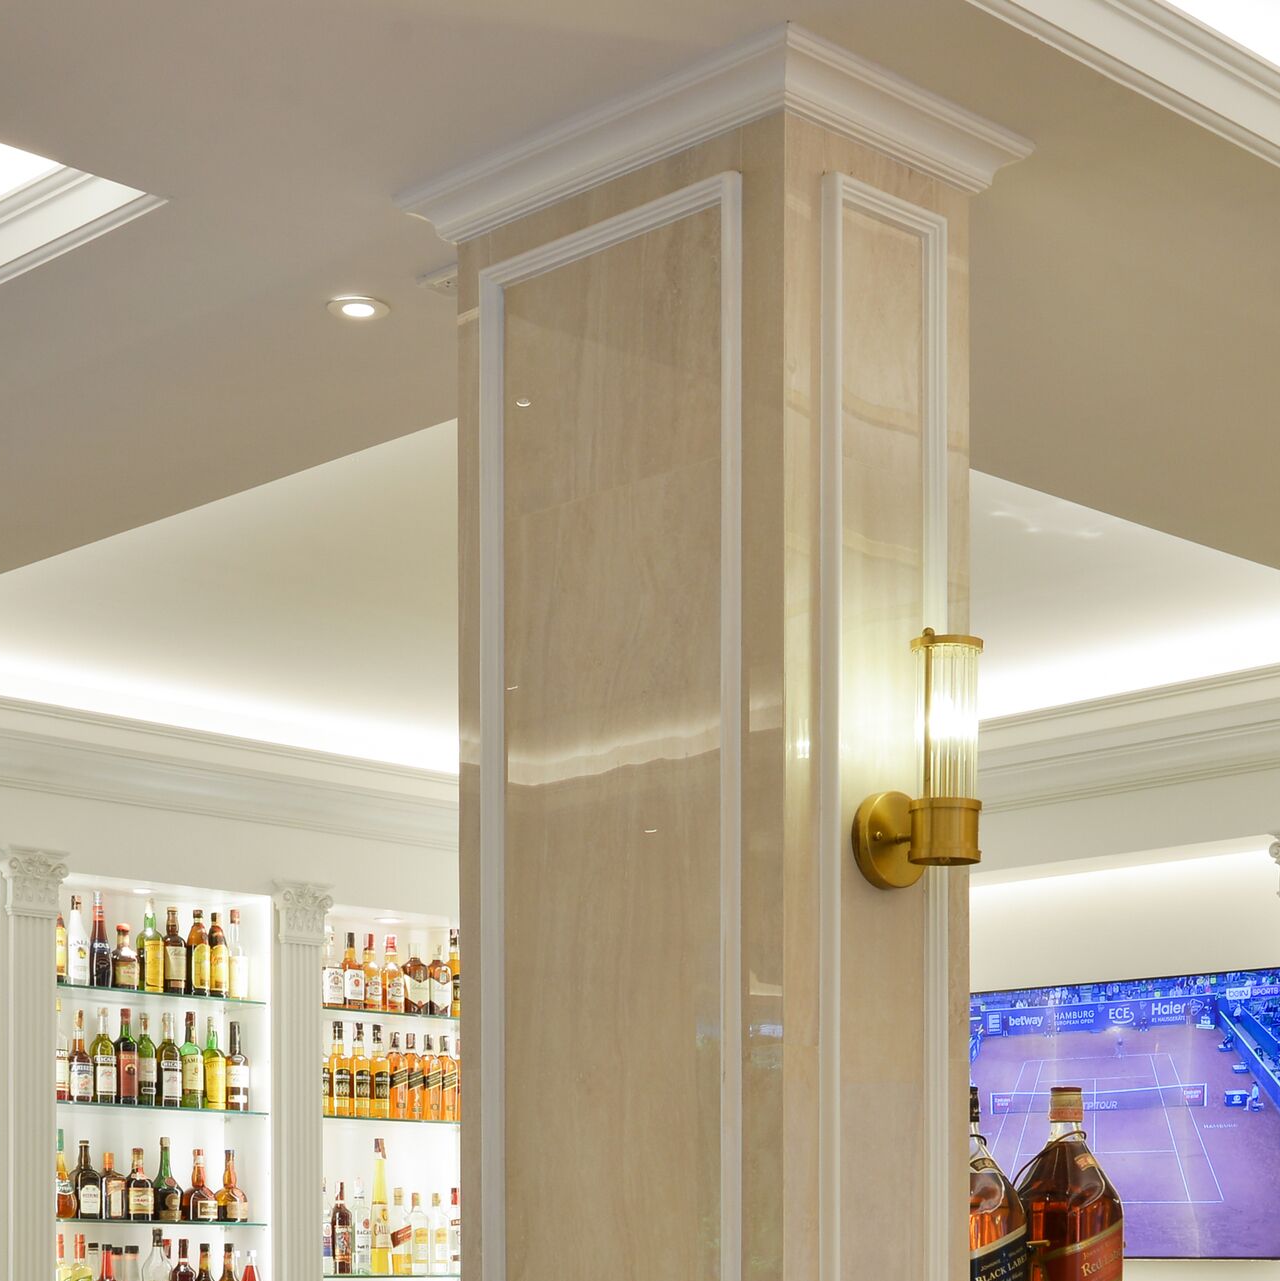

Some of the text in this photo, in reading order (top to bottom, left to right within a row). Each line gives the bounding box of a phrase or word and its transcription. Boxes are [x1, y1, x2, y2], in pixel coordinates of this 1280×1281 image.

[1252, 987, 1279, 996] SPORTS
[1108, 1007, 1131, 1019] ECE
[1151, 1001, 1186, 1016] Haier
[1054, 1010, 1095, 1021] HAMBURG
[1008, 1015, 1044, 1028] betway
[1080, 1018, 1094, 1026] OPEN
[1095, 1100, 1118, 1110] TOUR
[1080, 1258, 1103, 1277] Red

GOAL OF THE EXERCISE = Make an exact copy of the records shown above, without the pictures.

REPLY =
Some of the text in this photo, in reading order (top to bottom, left to right within a row). Each line gives the bounding box of a phrase or word and its transcription. Boxes are [x1, y1, x2, y2], in pixel coordinates of this 1280×1281 image.

[1252, 987, 1279, 996] SPORTS
[1108, 1007, 1131, 1019] ECE
[1151, 1001, 1186, 1016] Haier
[1054, 1010, 1095, 1021] HAMBURG
[1008, 1015, 1044, 1028] betway
[1080, 1018, 1094, 1026] OPEN
[1095, 1100, 1118, 1110] TOUR
[1080, 1258, 1103, 1277] Red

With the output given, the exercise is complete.